Comment Laurette changea le monde? Au-delà de la quantité, c’est la qualité qui est la plus impressionnante. Le fait de vivre dans une grosse famille amène chacun à être conscient de l’autre, à regarder ailleurs que son nombril. L’attitude d’ouverture, d’accueil et de générosité démontrée par Laurette et son époux Aurélien a profondément influencé leur progéniture. Ils ont eu 12 enfants, engagés dans leur communauté, qui ont eu une grande influence dans des sphères comme l’économie, la politique, la culture, les arts, l’enseignement, etc. Tous les professeurs qui m’ont parlé des « jeunes » Rivard ont souligné leur engagement communautaire, leur vivacité d’esprit et leur entregent.

Deux des enfants de Laurette et Aurélien ont même été désignés citoyens d’honneur de la municipalité; René R. en 1999 et Ghyslain en 2012. La pomme ne tombe jamais bien loin de l’arbre…Laurette Bernard est née le 23 juillet 1923 et a épousé Aurélien Rivard le 21 août 1943. Leurs 12 enfants leur ont donné 35 petits-enfants et 29 arrière-petits-enfants. Ils ont exploité une ferme laitière pendant 30 ans.

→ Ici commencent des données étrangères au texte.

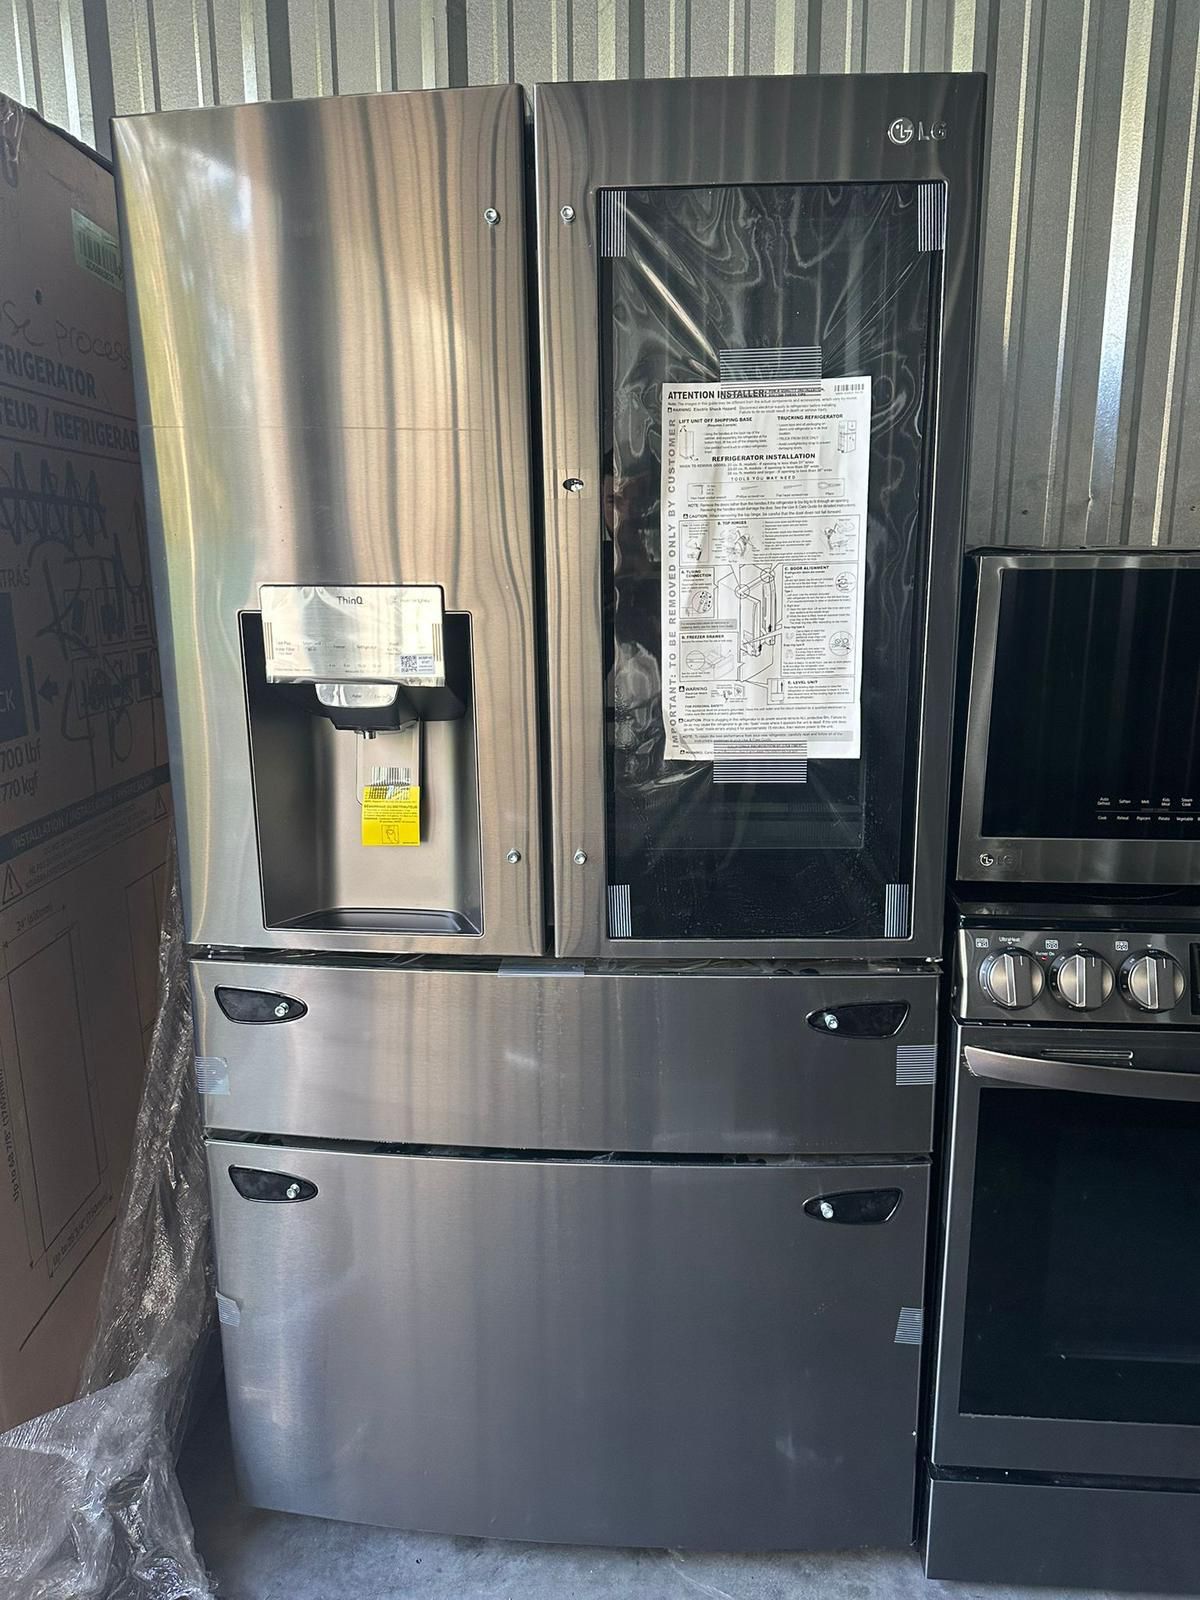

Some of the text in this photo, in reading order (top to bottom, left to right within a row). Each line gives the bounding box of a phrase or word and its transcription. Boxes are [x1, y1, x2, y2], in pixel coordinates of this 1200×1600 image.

À une époque où il n’y avait pas de salle de traite, d’ordinateur contrôlant la distribution de la nourriture aux animaux, d’appareil automatique pour écurer l’étable, ils « tiraient » jusqu’à 120 vaches. Ils ont éroché et cultivé la terre, la rendant fertile pour assurer la subsistance de leur famille et, bien sûr, nourrir la ribambelle d’amis qu’ils recevaient périodiquement.

En 1973, Aurélien, avec le soutien indéfectible de Laurette, fondait les Importations A. Rivard, une compagnie qui importe, principalement d’Allemagne, des produits de toutes sortes pour la ferme. L’entreprise familiale est aujourd’hui gérée par René R. et est située sur la Route 112 à l’entrée est du village. Personnellement, je me considère choyé d’avoir côtoyé Laurette et sa famille. Je ne suis certainement pas objectif à 100 % lorsque j’en parle, mais j’aime à penser que j’ai été un témoin privilégié de grandes réalisations, de l’amour et du partage qu’elle a laissés en héritage. Comme le disait si bien Fernand dans son hommage à sa mère : « ta mission ici-bas est plus que réussie». Bon voyage, Laurette!